Plaintiff sued the owner of the garage and the company that provided the valet services at the garage for premises liability. Plaintiff claimed that the garage owner was responsible for the three hazards that contributed to her injuries: (1) The wheel stop, which extended over several parking spaces and did not have color contrast with the ground, was a hidden trip hazard that was not in conformity with industry standards; (2) There was no guardrail at the unprotected edge of the parking level as required by applicable codes and regulations, but instead a fake wall that provided plaintiff with a false sense of security; and (3) The dim lighting in the area did not satisfy code requirements and further concealed these hazards. Plaintiff also alleged that the parking company was negligent in failing to warn her of the hazardous conditions and in failing to pull out her car so that she would have avoided encountering the hazards.

The defendants claimed that the applicable building code did not require a guardrail and that plaintiff was distracted while walking towards the back of her car and contributed to her own injuries.
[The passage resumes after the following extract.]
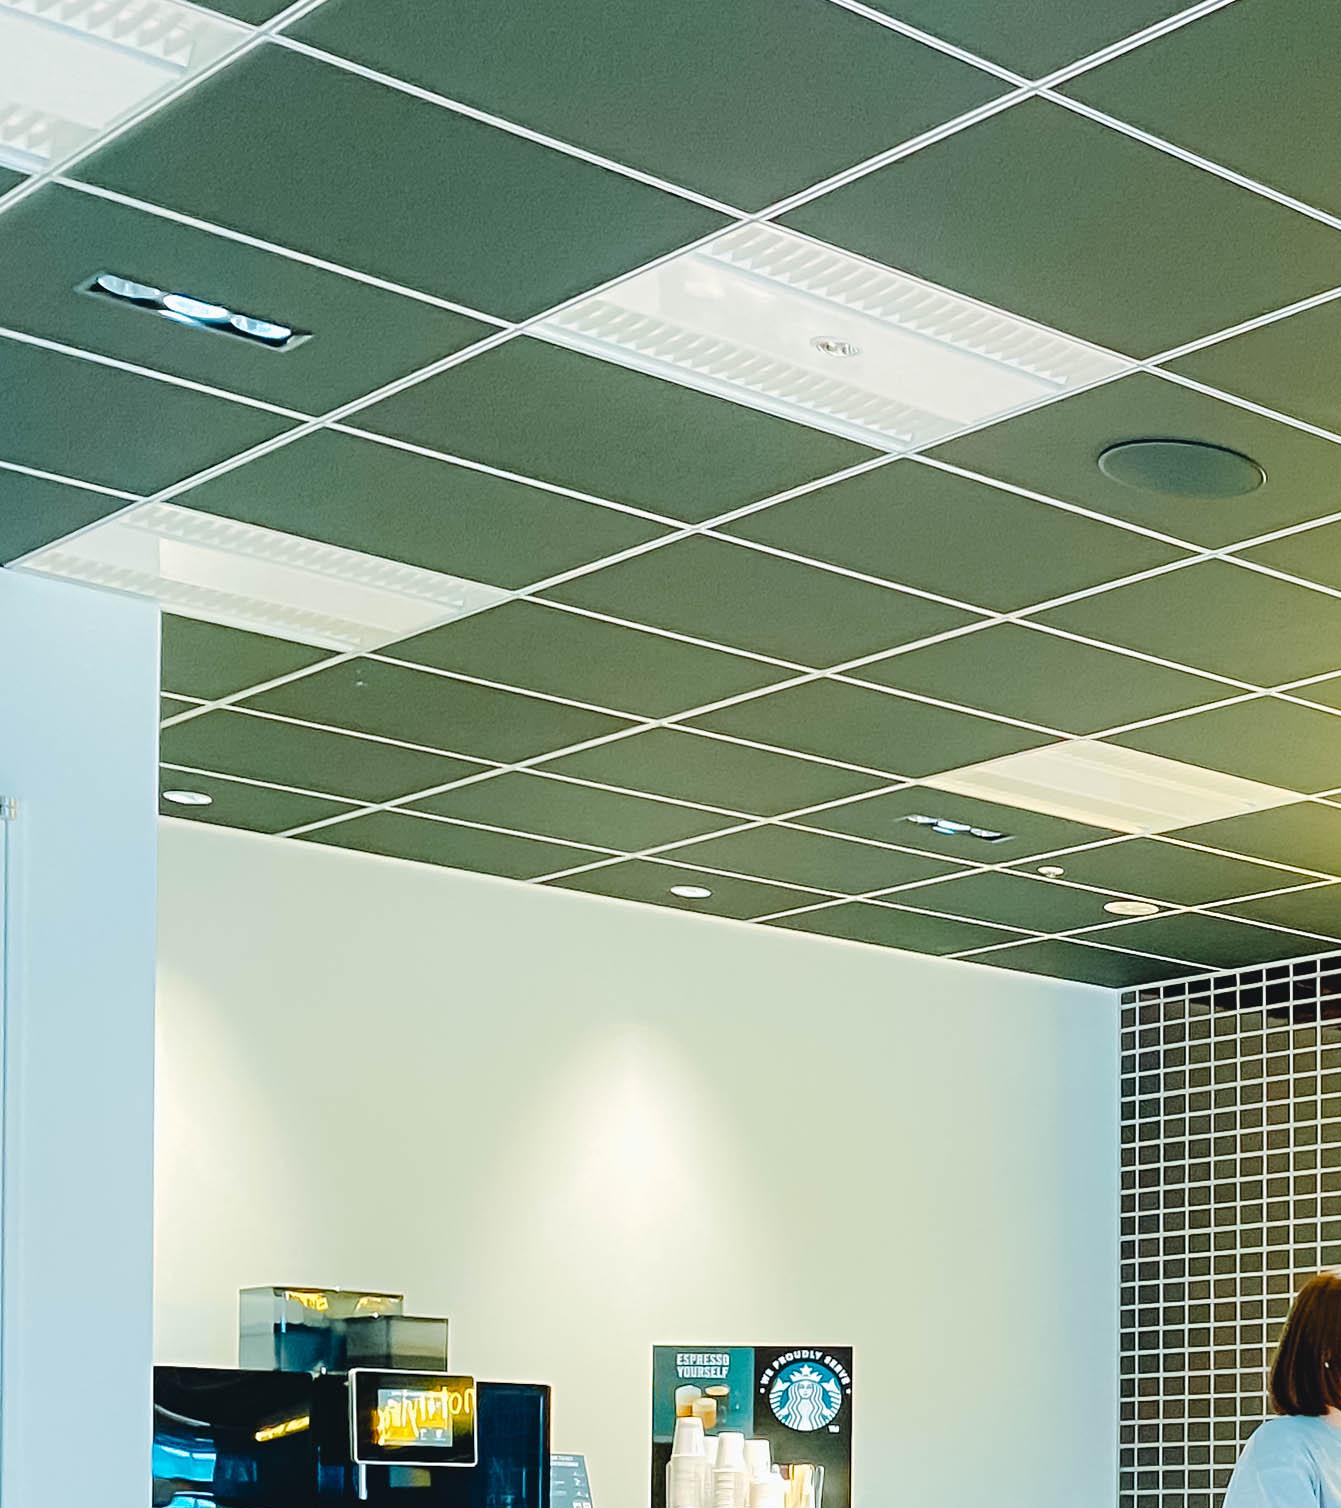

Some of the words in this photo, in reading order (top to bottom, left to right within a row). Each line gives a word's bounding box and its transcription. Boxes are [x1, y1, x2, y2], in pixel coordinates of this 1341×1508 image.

[676, 1353, 730, 1365] ESPRESSO
[772, 1349, 823, 1370] PROUDLY
[676, 1366, 729, 1378] YOURSELF
Plaintiff was diagnosed with C4 ASIA D quadriplegia (central cord syndrome) and a neurogenic bladder. Initially, plaintiff’s body was mostly numb and immobile below her neck. Following a spinal cord surgery and rehabilitation plaintiff’s condition significantly improved, but she continues to endure substantial impairments, limitations, and pain. Plaintiff has nerve pain and muscle weakness on nearly the entire left side of her body. She experiences regular spasms from the tip of her fingers down to her toes on her left side as well as limited sensation. Plaintiff’s left hand finger dexterity has been substantially diminished due to muscle weakness, pain, and a constantly clawed little finger. She is no longer able to touch her thumb to each finger on her left hand. On her right side, she has decreased sensation in her right dominant hand and arm and occasional pain in the area.

In addition to her spinal cord injury, she suffered a ruptured tendon in her left ankle that required surgery and rehabilitation. Plaintiff is currently able to tolerate walking about two blocks with her cane before she begins to experience spasms, weakness, clumsiness, and pain, particularly related to her left ankle.

Due to her injuries and functional limitations, plaintiff’s vocational consultant opined that she would not be able return to any form of employment.


The plaintiff’s damages included past medical expenses of $597,808, a life care plan of $1,202,513, and past and future lost earnings of $578,903 for a total of $2,379,224 in economic damages. Plaintiff also sought non-economic damages.


The plaintiff settled with the defendants before trial for a total of $6,500,000.